Financial models can be hard for non-finance partners to grasp, so we work hard to train them in the basics of finance and, more specifically, how the model works — and we make it fun! Two of the ways we’ve done this:

  1. Animated video: We made a fun, animated video that walks the managers through the model and shows them what we do.
  2. Interactive simulation: We have an in-house, half-day business simulation to elevate the financial acumen of all the managers and team leads (and anyone else who wants to attend).

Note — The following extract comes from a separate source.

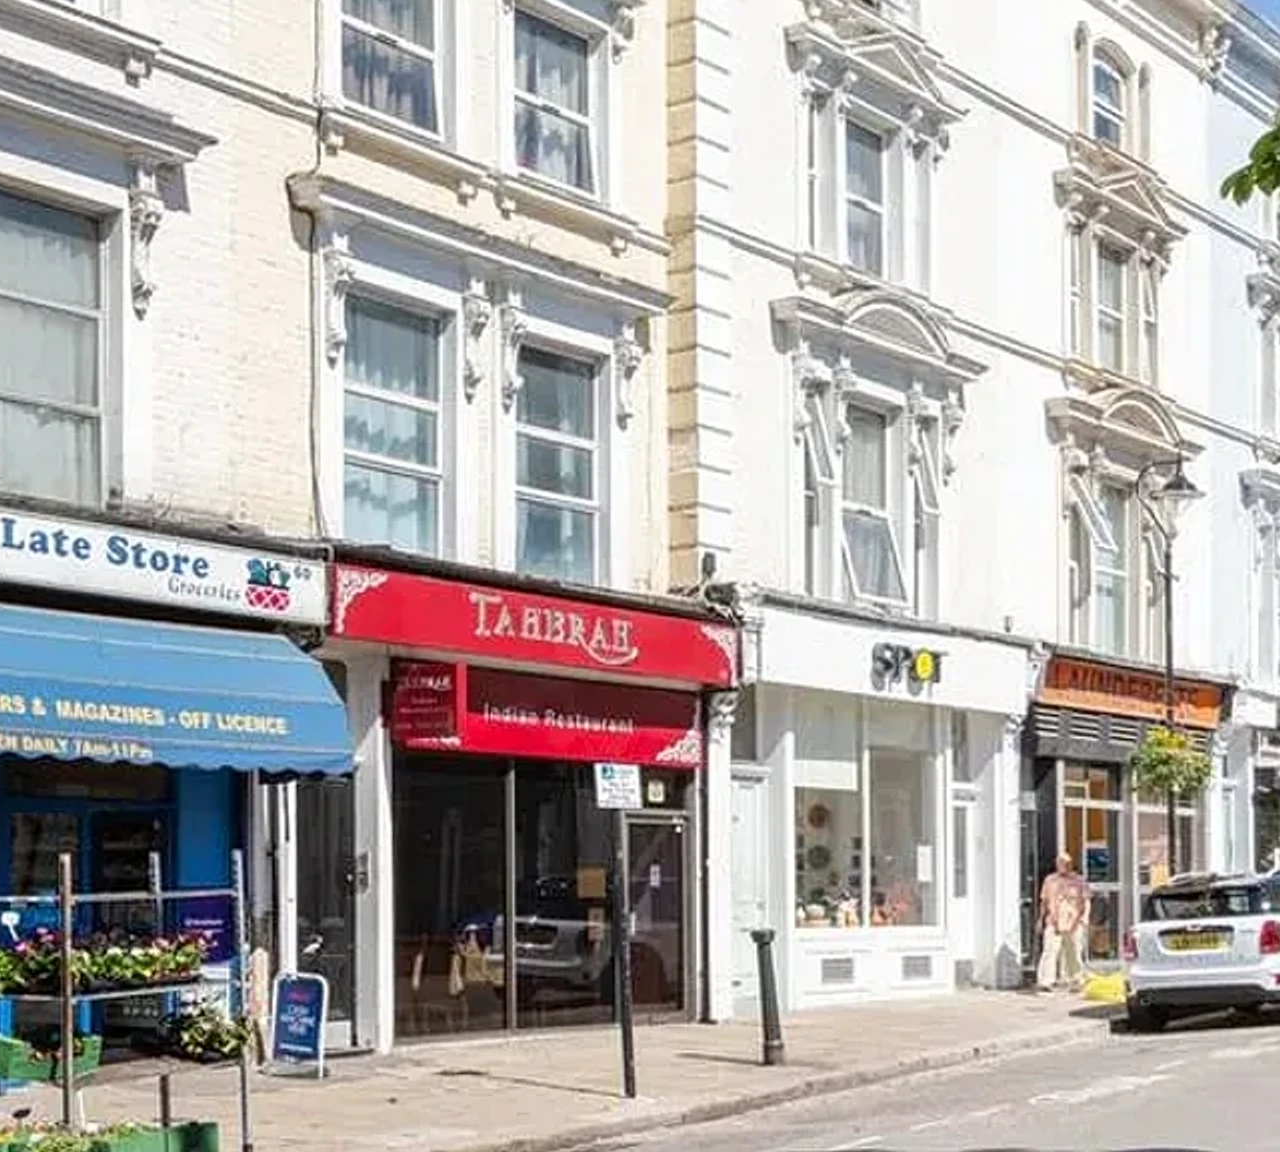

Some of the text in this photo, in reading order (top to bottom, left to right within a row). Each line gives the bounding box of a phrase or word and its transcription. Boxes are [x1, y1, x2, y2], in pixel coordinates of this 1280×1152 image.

It's fun, humorous and memorable.

For example, we used to have an international executive who wanted to give extended payment terms to all his customers. He went through the business simulation under those parameters — giving extended payment terms — and discovered that all his money was tied up as poker chips in his receivables. He wanted that money out of there to pay bills, but he gave people 200 days to pay in the simulation, so he didn’t get that money. When he left the training simulation, he said, “I am putting everyone on COD (cash on delivery) now!”

Finance

We also work to train our finance team. For us, it’s part of the culture of being an R&D company. Education is highly valued in our accounting, finance and FP&A teams. In FP&A, our whole team sat for the FPAC at the same time. As new people come on board, we send them through the FPAC as well. And we help people maintain their credits by sending them to the AFP Annual Conference.

We're always looking for ways to be even 1% better every single month. If we go through a situation and there's something that was a little hiccup or that we could do faster, it's not a negative thing. We write it on the board and ask ourselves: How could we do this better? Why was this a challenge? From which tasks or processes could we shave off 10 minutes? It may sound like nothing, but if you shave 10 minutes off of enough items, you become quite fast.

Outcome: What Came of FP&A’s Efforts and What Was Learned

As we’ve grown, our headcount has remained low. And yet, we’ve been able to redirect the time we’ve saved into more modeling and partnering and spending more time with the business overall.

We’ve also achieved the following:

  • This model has allowed us to deliver three times the quantity of information to the business and reduced the time of delivery from four days to four hours.
  • Our team of seven has 75+ dashboards that feed 300+ analysts, team leads, managers, directors, general managers, and the executive team across the globe. These dashboards are fully automated, and we can update them with a change within 30 minutes.
  • We have seven central budget versus actual dashboards that service every level of management, from team leaders to C‐level executives, and are integrated with security. Our team manages and services all 290+ managers within the company, and these dashboards are available and easily accessible day or night via PC, tablet or phone. Each dashboard allows the user to view current period data and up to five years of historical data, while also giving them the ability to drill down into expense line‐item data.